===== Material for this task

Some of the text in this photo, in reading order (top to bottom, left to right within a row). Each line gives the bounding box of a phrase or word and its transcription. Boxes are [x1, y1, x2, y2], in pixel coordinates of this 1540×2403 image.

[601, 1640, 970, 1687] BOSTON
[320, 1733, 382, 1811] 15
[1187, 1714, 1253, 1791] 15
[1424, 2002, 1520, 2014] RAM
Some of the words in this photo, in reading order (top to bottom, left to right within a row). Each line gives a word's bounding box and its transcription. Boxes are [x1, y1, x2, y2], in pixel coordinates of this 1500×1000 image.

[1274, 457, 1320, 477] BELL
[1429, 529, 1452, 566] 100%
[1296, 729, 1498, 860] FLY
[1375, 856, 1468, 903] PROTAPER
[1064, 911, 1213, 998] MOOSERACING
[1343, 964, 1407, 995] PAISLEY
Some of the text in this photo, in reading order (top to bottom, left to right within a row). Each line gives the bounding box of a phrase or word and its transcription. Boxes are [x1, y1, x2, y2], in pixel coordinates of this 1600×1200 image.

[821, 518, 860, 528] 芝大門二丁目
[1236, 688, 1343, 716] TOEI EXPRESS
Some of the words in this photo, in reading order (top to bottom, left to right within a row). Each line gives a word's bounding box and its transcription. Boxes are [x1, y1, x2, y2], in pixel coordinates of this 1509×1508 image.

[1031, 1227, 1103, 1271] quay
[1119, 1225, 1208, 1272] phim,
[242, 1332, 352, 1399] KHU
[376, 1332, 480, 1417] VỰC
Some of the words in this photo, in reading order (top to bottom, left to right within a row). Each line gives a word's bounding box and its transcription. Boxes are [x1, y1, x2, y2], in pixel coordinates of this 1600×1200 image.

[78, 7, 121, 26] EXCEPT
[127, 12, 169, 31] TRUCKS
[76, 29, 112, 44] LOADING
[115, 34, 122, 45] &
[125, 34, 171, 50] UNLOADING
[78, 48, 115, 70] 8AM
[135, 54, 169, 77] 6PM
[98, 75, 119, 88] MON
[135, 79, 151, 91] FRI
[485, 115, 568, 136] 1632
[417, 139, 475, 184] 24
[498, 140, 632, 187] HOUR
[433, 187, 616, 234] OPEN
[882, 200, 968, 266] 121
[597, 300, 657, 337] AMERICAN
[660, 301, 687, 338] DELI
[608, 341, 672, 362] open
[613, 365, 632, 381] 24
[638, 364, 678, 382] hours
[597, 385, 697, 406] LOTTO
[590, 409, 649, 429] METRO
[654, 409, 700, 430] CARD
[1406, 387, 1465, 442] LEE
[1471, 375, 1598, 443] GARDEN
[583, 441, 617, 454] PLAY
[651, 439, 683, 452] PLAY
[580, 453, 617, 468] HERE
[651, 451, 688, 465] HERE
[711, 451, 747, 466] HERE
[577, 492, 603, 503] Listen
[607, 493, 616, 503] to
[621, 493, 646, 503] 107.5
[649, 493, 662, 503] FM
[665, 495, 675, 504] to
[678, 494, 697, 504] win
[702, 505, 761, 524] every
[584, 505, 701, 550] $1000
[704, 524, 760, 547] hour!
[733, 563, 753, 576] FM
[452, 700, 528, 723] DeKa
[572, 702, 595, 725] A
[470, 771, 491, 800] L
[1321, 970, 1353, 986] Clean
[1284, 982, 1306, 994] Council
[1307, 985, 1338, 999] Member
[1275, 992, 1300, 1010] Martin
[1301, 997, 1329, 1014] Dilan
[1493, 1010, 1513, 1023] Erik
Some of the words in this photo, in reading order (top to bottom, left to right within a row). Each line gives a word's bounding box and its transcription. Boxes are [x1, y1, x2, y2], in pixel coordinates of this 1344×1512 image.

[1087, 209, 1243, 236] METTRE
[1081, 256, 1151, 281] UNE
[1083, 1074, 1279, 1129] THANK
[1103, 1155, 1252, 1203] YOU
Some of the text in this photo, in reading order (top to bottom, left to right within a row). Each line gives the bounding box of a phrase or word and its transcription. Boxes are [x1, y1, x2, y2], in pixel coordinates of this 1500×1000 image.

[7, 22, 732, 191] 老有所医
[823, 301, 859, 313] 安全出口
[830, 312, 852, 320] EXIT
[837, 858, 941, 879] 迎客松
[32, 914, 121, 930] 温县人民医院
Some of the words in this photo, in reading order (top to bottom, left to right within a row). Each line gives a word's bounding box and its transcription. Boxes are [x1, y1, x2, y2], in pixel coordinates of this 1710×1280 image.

==========

▸ **What this task involves**
The required answer is every line of the data, duplicated exactly.

▸ **Written solution**
Some of the text in this photo, in reading order (top to bottom, left to right within a row). Each line gives the bounding box of a phrase or word and its transcription. Boxes are [x1, y1, x2, y2], in pixel coordinates of this 1540×2403 image.

[601, 1640, 970, 1687] BOSTON
[320, 1733, 382, 1811] 15
[1187, 1714, 1253, 1791] 15
[1424, 2002, 1520, 2014] RAM
Some of the words in this photo, in reading order (top to bottom, left to right within a row). Each line gives a word's bounding box and its transcription. Boxes are [x1, y1, x2, y2], in pixel coordinates of this 1500×1000 image.

[1274, 457, 1320, 477] BELL
[1429, 529, 1452, 566] 100%
[1296, 729, 1498, 860] FLY
[1375, 856, 1468, 903] PROTAPER
[1064, 911, 1213, 998] MOOSERACING
[1343, 964, 1407, 995] PAISLEY
Some of the text in this photo, in reading order (top to bottom, left to right within a row). Each line gives the bounding box of a phrase or word and its transcription. Boxes are [x1, y1, x2, y2], in pixel coordinates of this 1600×1200 image.

[821, 518, 860, 528] 芝大門二丁目
[1236, 688, 1343, 716] TOEI EXPRESS
Some of the words in this photo, in reading order (top to bottom, left to right within a row). Each line gives a word's bounding box and its transcription. Boxes are [x1, y1, x2, y2], in pixel coordinates of this 1509×1508 image.

[1031, 1227, 1103, 1271] quay
[1119, 1225, 1208, 1272] phim,
[242, 1332, 352, 1399] KHU
[376, 1332, 480, 1417] VỰC
Some of the words in this photo, in reading order (top to bottom, left to right within a row). Each line gives a word's bounding box and its transcription. Boxes are [x1, y1, x2, y2], in pixel coordinates of this 1600×1200 image.

[78, 7, 121, 26] EXCEPT
[127, 12, 169, 31] TRUCKS
[76, 29, 112, 44] LOADING
[115, 34, 122, 45] &
[125, 34, 171, 50] UNLOADING
[78, 48, 115, 70] 8AM
[135, 54, 169, 77] 6PM
[98, 75, 119, 88] MON
[135, 79, 151, 91] FRI
[485, 115, 568, 136] 1632
[417, 139, 475, 184] 24
[498, 140, 632, 187] HOUR
[433, 187, 616, 234] OPEN
[882, 200, 968, 266] 121
[597, 300, 657, 337] AMERICAN
[660, 301, 687, 338] DELI
[608, 341, 672, 362] open
[613, 365, 632, 381] 24
[638, 364, 678, 382] hours
[597, 385, 697, 406] LOTTO
[590, 409, 649, 429] METRO
[654, 409, 700, 430] CARD
[1406, 387, 1465, 442] LEE
[1471, 375, 1598, 443] GARDEN
[583, 441, 617, 454] PLAY
[651, 439, 683, 452] PLAY
[580, 453, 617, 468] HERE
[651, 451, 688, 465] HERE
[711, 451, 747, 466] HERE
[577, 492, 603, 503] Listen
[607, 493, 616, 503] to
[621, 493, 646, 503] 107.5
[649, 493, 662, 503] FM
[665, 495, 675, 504] to
[678, 494, 697, 504] win
[702, 505, 761, 524] every
[584, 505, 701, 550] $1000
[704, 524, 760, 547] hour!
[733, 563, 753, 576] FM
[452, 700, 528, 723] DeKa
[572, 702, 595, 725] A
[470, 771, 491, 800] L
[1321, 970, 1353, 986] Clean
[1284, 982, 1306, 994] Council
[1307, 985, 1338, 999] Member
[1275, 992, 1300, 1010] Martin
[1301, 997, 1329, 1014] Dilan
[1493, 1010, 1513, 1023] Erik
Some of the words in this photo, in reading order (top to bottom, left to right within a row). Each line gives a word's bounding box and its transcription. Boxes are [x1, y1, x2, y2], in pixel coordinates of this 1344×1512 image.

[1087, 209, 1243, 236] METTRE
[1081, 256, 1151, 281] UNE
[1083, 1074, 1279, 1129] THANK
[1103, 1155, 1252, 1203] YOU
Some of the text in this photo, in reading order (top to bottom, left to right within a row). Each line gives the bounding box of a phrase or word and its transcription. Boxes are [x1, y1, x2, y2], in pixel coordinates of this 1500×1000 image.

[7, 22, 732, 191] 老有所医
[823, 301, 859, 313] 安全出口
[830, 312, 852, 320] EXIT
[837, 858, 941, 879] 迎客松
[32, 914, 121, 930] 温县人民医院
Some of the words in this photo, in reading order (top to bottom, left to right within a row). Each line gives a word's bounding box and its transcription. Boxes are [x1, y1, x2, y2], in pixel coordinates of this 1710×1280 image.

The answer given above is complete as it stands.